§ **TASK ITEM**:
Copy out all of the lines below exactly; the pictures do not belong in the copy.

§ **Annotated photo localization data**:
__________________________________________________

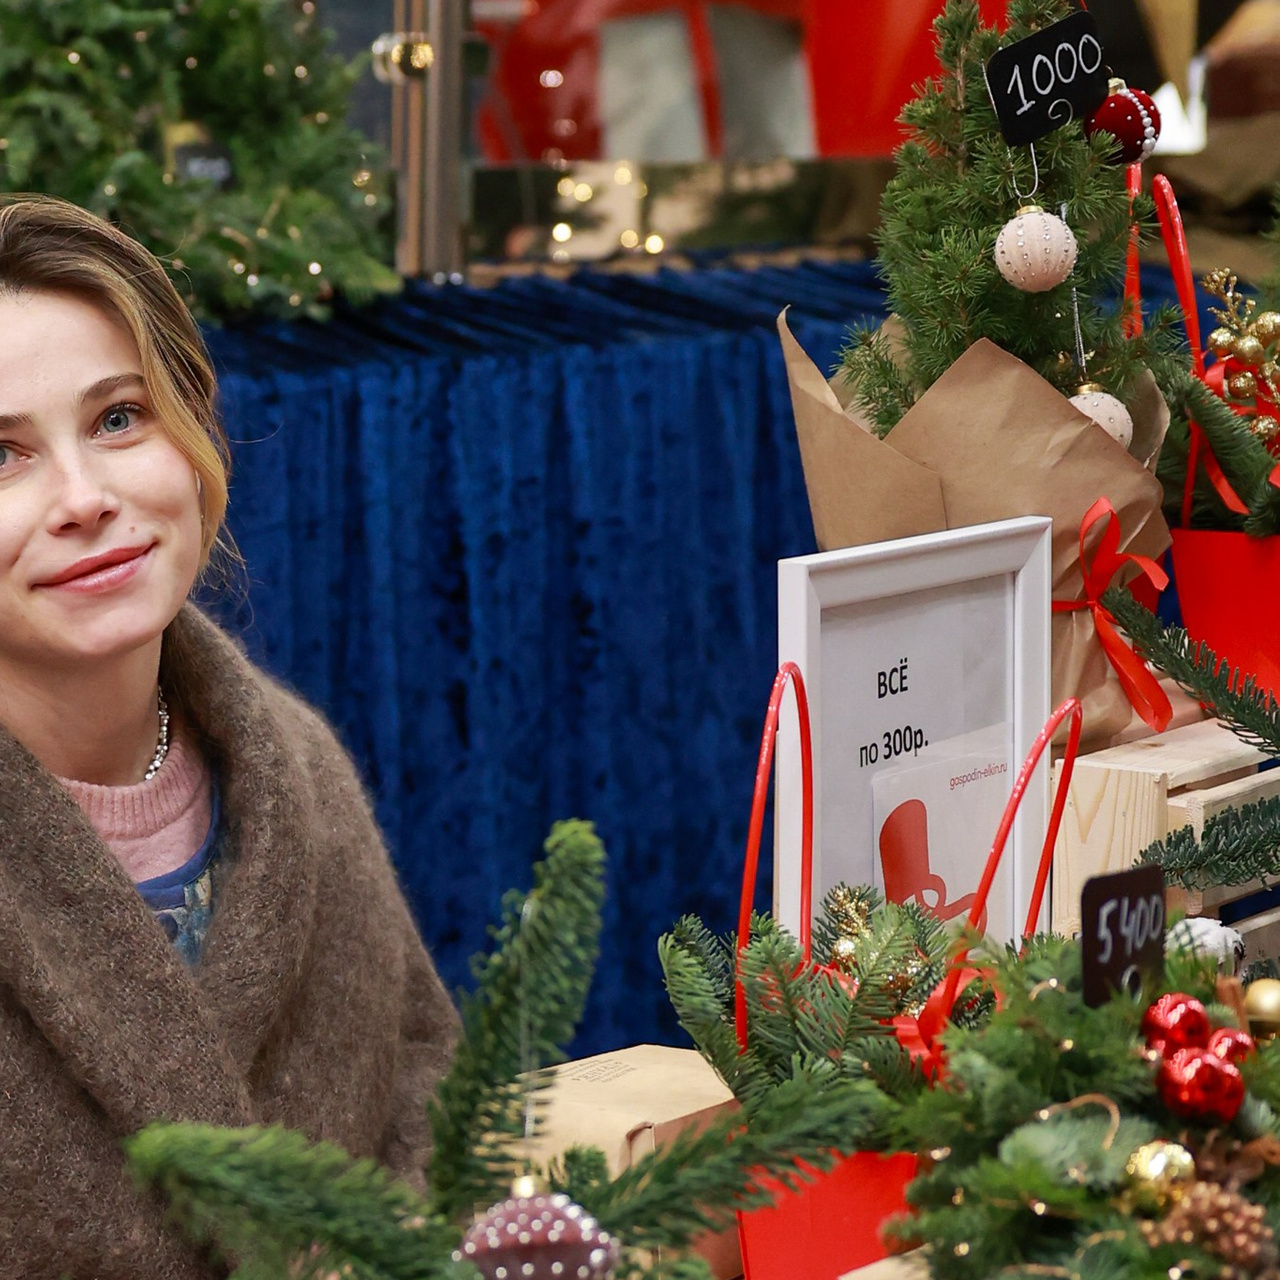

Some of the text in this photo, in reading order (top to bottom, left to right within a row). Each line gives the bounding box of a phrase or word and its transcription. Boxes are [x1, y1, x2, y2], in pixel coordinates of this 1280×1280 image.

[1006, 33, 1102, 116] 1000
[877, 657, 909, 699] ВСЁ
[859, 725, 929, 768] по 300р.
[949, 762, 1008, 791] gospodin-elkin.ru

__________________________________________________

§ **WRITTEN RESPONSE**:
Some of the text in this photo, in reading order (top to bottom, left to right within a row). Each line gives the bounding box of a phrase or word and its transcription. Boxes are [x1, y1, x2, y2], in pixel coordinates of this 1280×1280 image.

[1006, 33, 1102, 116] 1000
[877, 657, 909, 699] ВСЁ
[859, 725, 929, 768] по 300р.
[949, 762, 1008, 791] gospodin-elkin.ru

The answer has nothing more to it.